* **Directions for this task**
Repeat every record exactly as written, but leave out the pictures.

((

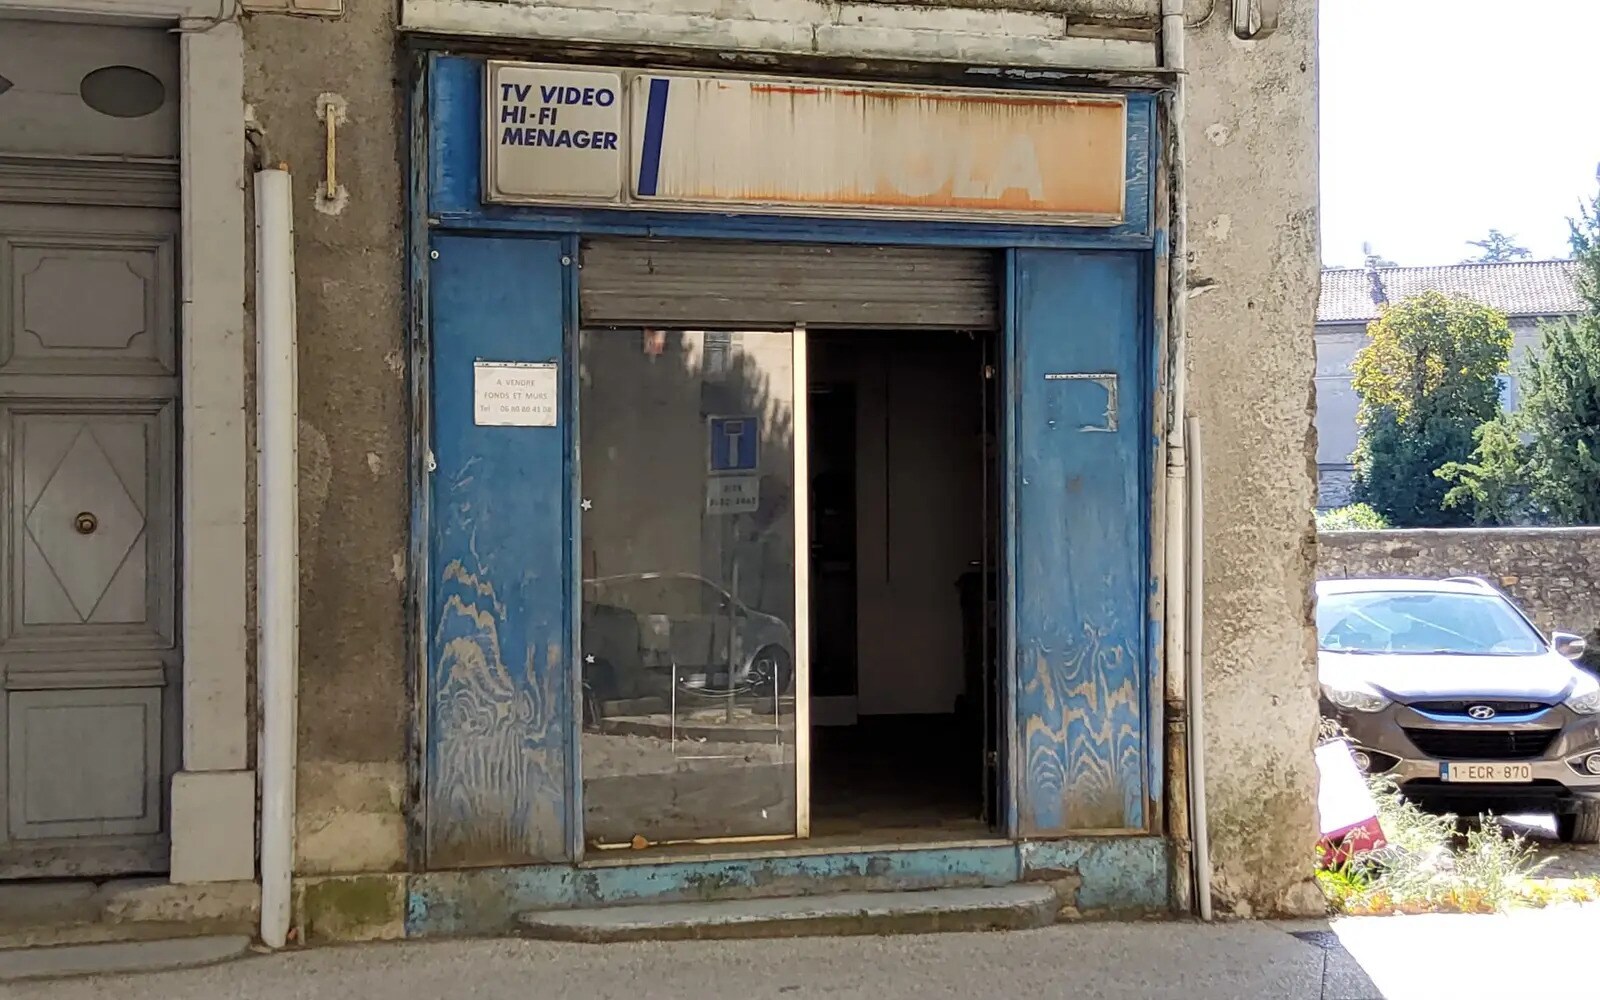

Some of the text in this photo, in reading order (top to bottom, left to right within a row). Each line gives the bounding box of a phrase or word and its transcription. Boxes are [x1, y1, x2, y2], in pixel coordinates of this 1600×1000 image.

[501, 83, 614, 107] TV VIDEO
[501, 127, 618, 150] MENAGER
[506, 379, 536, 387] VENDRE
[525, 392, 548, 400] MURS
[1452, 766, 1530, 779] 1-ECR-870
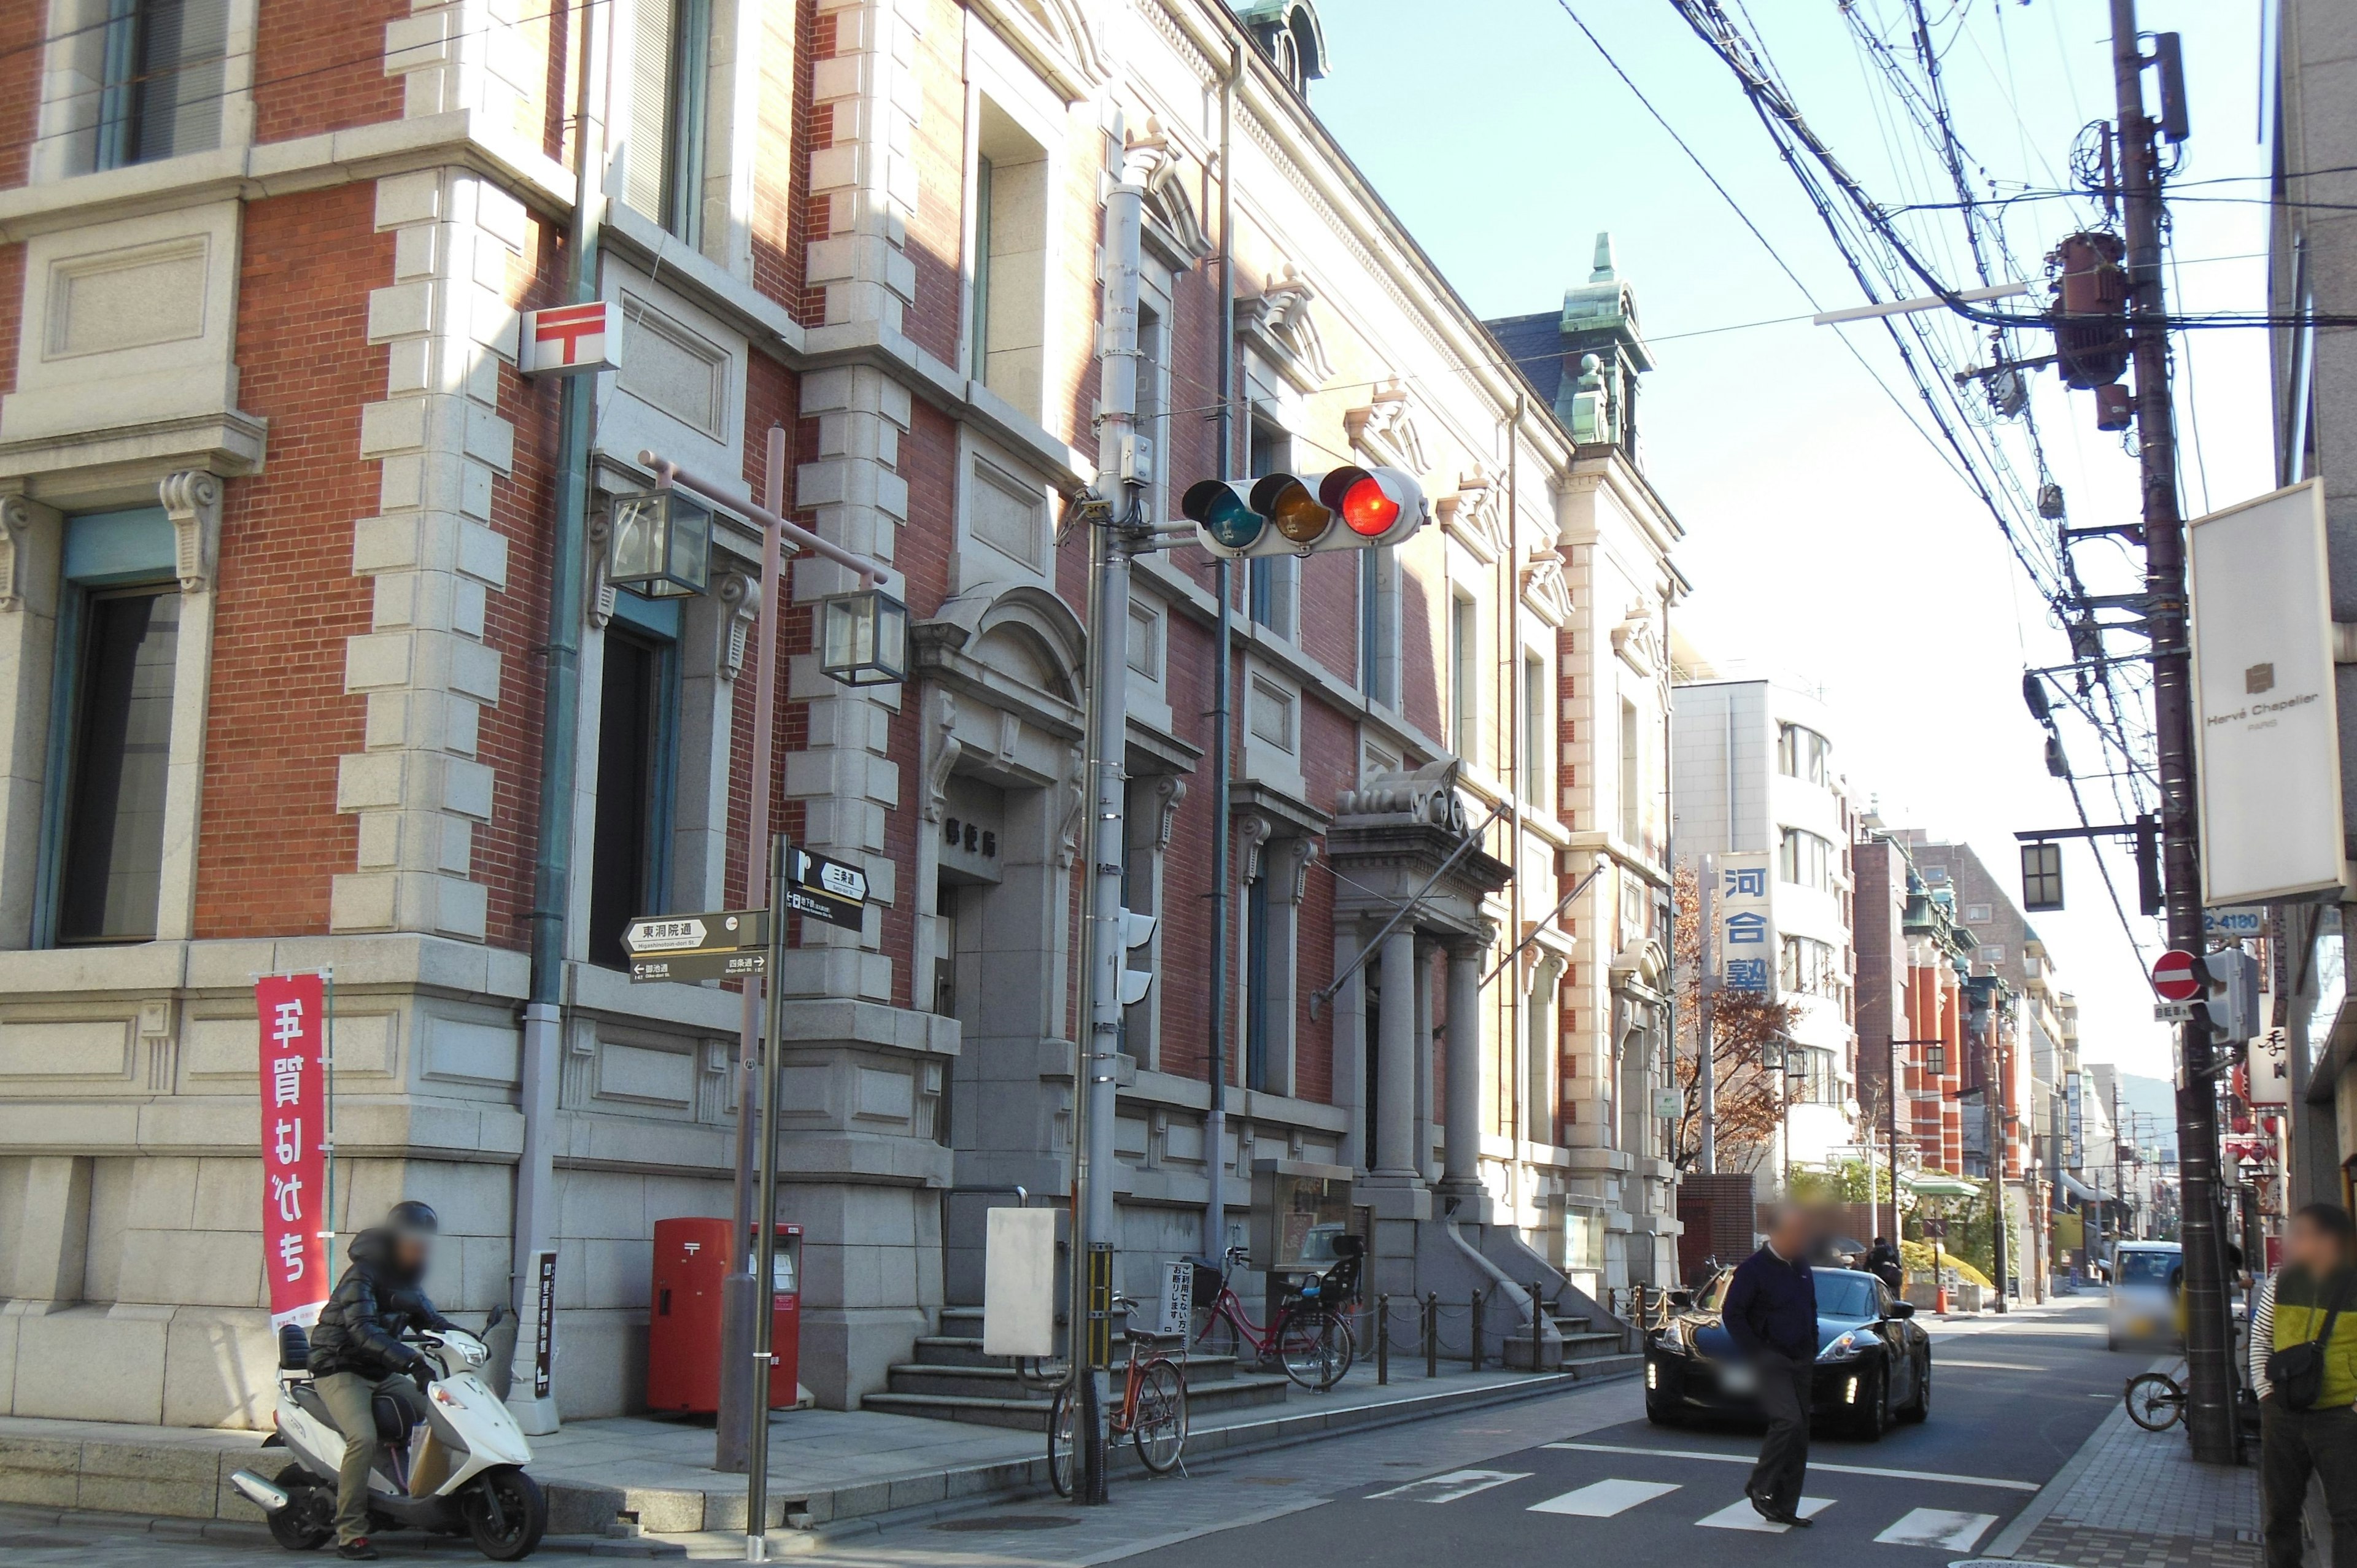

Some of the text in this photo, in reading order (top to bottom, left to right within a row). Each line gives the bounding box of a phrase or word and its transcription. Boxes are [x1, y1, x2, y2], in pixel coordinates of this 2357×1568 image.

))

* **Solution for this exercise**
Some of the text in this photo, in reading order (top to bottom, left to right within a row). Each line gives the bounding box of a phrase or word and its transcription. Boxes are [x1, y1, x2, y2], in pixel coordinates of this 1600×1000 image.

[501, 83, 614, 107] TV VIDEO
[501, 127, 618, 150] MENAGER
[506, 379, 536, 387] VENDRE
[525, 392, 548, 400] MURS
[1452, 766, 1530, 779] 1-ECR-870

Some of the text in this photo, in reading order (top to bottom, left to right within a row). Each line gives the bounding box of a phrase or word and its transcription. Boxes are [x1, y1, x2, y2], in pixel coordinates of this 2357×1568 image.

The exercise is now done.